Google’s AI thinks I left a Gatorade bottle on the moon
AI-Generated Podcasts: Quality, Style, and Uncanny Valley
- Many find the NotebookLM podcasts unsettling: realistic voices and emotions but no consistent “person,” memory, or evolving viewpoint.
- Listeners note odd reactions (fake surprise followed by detailed knowledge) and shallow, repetitive content.
- Others argue it accurately mimics a large class of existing podcasts: overproduced, padded with small talk, and full of generic praise.
- Some enjoy them as background noise or as satire; others say they’d stop listening within 30 seconds because it “fails the BS filter.”
- The built-in time-wasting banter bothers some, who see it as Google intentionally baking in filler.
NotebookLM Mechanics, Cloaking, and Scope of the “Attack”
- NotebookLM generates summaries and podcasts only from supplied documents/URLs.

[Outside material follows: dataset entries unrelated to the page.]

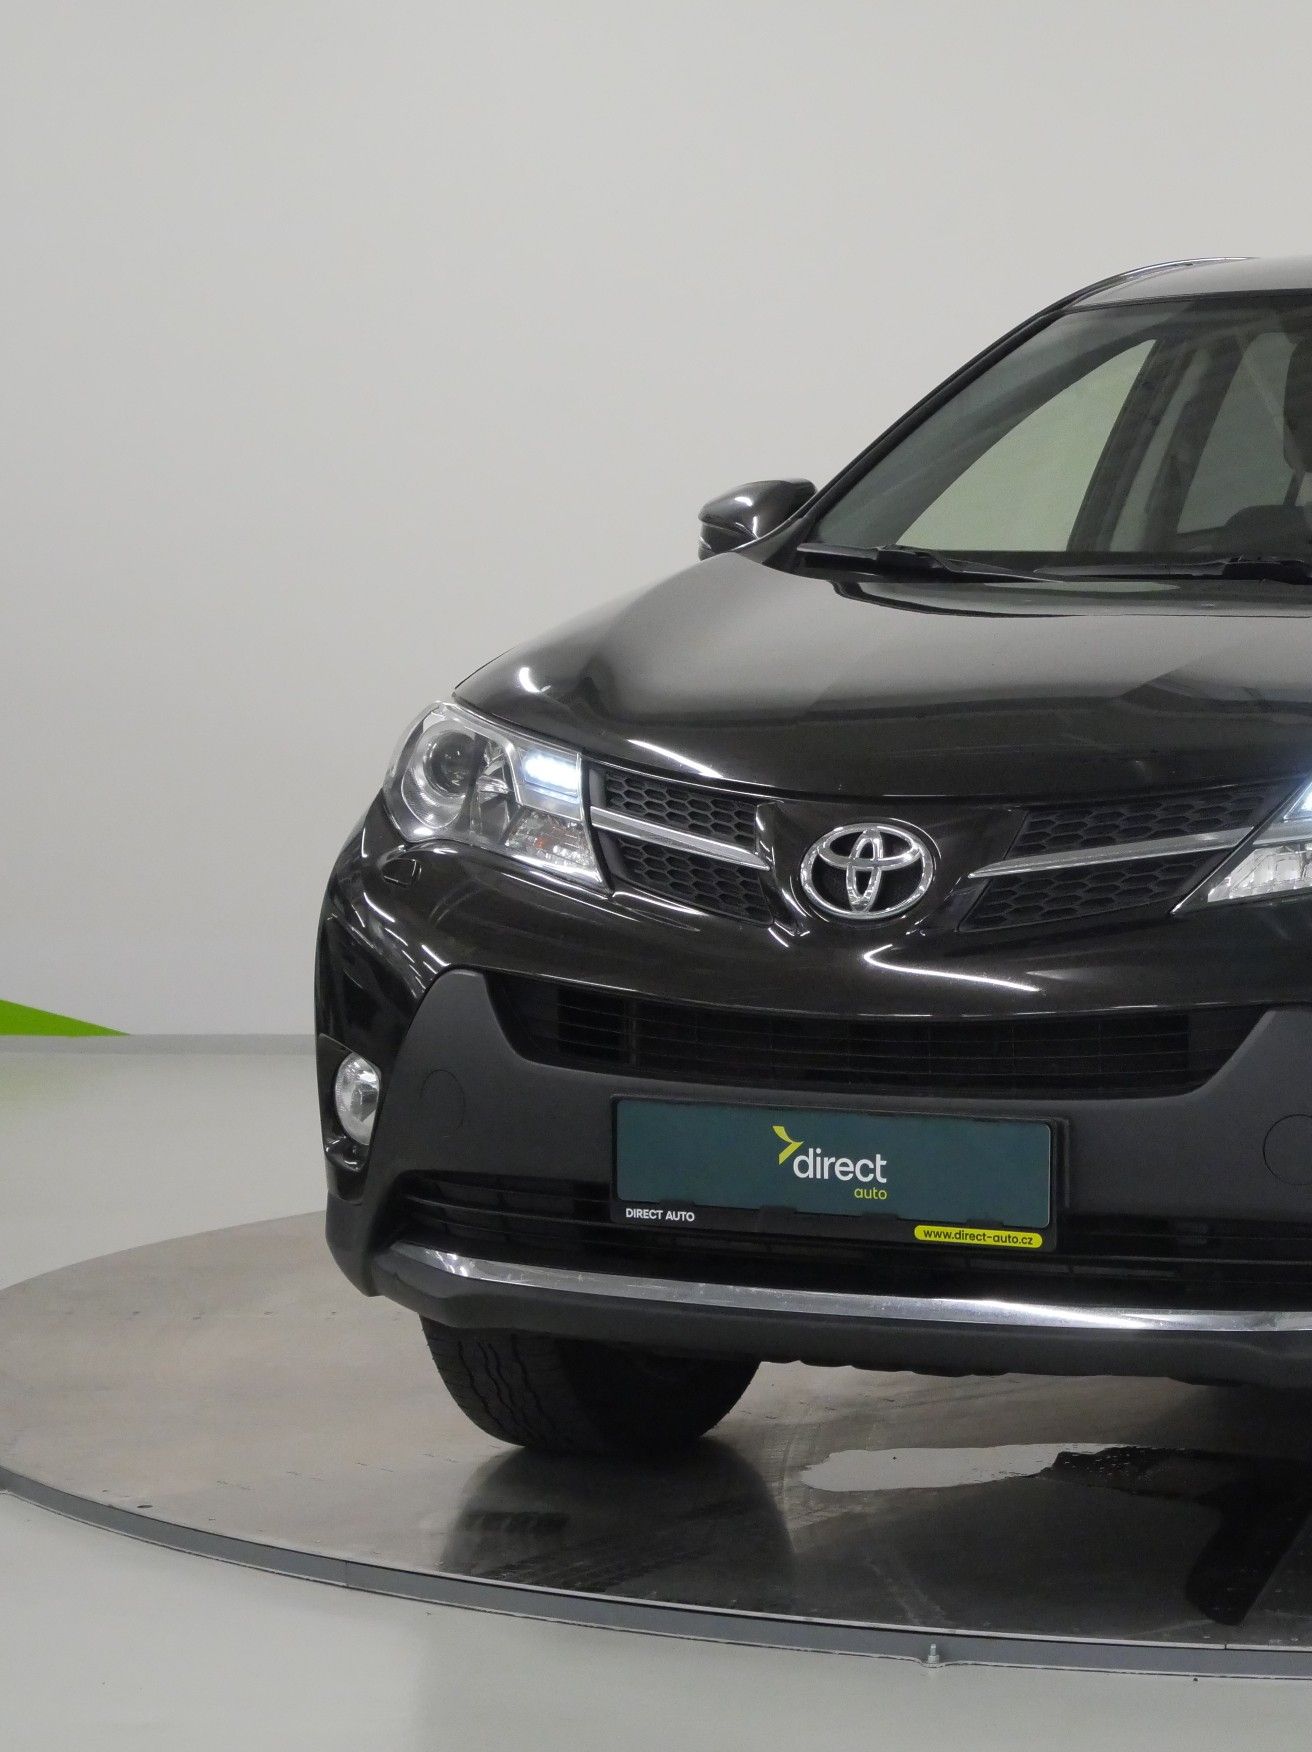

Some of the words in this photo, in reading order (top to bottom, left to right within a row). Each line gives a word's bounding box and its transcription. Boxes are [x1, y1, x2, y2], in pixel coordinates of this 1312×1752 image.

[793, 1147, 887, 1183] direct
[854, 1186, 887, 1200] auto
[625, 1208, 663, 1220] DIRECT
[665, 1209, 695, 1221] AUTO
[923, 1229, 1034, 1245] www.direct-auto.cz

- The “Gatorade on the moon” setup relies on serving different content to NotebookLM’s crawler than to normal browsers.
- Some see this as trivial, akin to old-school SEO “cloaking” and not yet shown to poison broader Google AI systems.
- Others emphasize the user-risk: the human sees one page, while the AI consumes a hidden version the user can’t inspect.
- Several expect Google to apply its existing anti-cloaking and spam defenses to NotebookLM, though note that prompt and spam attacks tend to persist.
Misinformation, Manipulation, and Real-World Examples
- Potential abuses mentioned: defamation with plausible deniability, manipulating product recommendations, and influencing elections.
- Another example is seeding a fabricated but plausible detail online and having Gemini repeat it as fact, sometimes with attribution, sometimes not.
- Some argue that LLM training already contends with absurd web claims; others fear LLMs will amplify and legitimize them.
User Experiences and Ethical Concerns
- People report comic results when feeding in resumes, blogs, or fiction; the AI podcasts treat mundane material with exaggerated enthusiasm.
- Some use these tools with children for fun and creativity; others argue this replaces kids’ own creative work with passive AI-generated content.
- Safety filters that block disturbing topics are viewed by some as infantilizing and overly puritanical.
Broader Reflections on LLMs
- Opinions split between seeing LLMs as overhyped, resource-wasting “junk AI” and as an early stage of a rapidly improving technology.
- There is debate over whether fundamental reasoning limits have budged since earlier models.
- Discussion touches on anthropomorphizing language like “thinks,” the risk of a “post-knowledge” culture, and how AI-native generations may use these tools differently.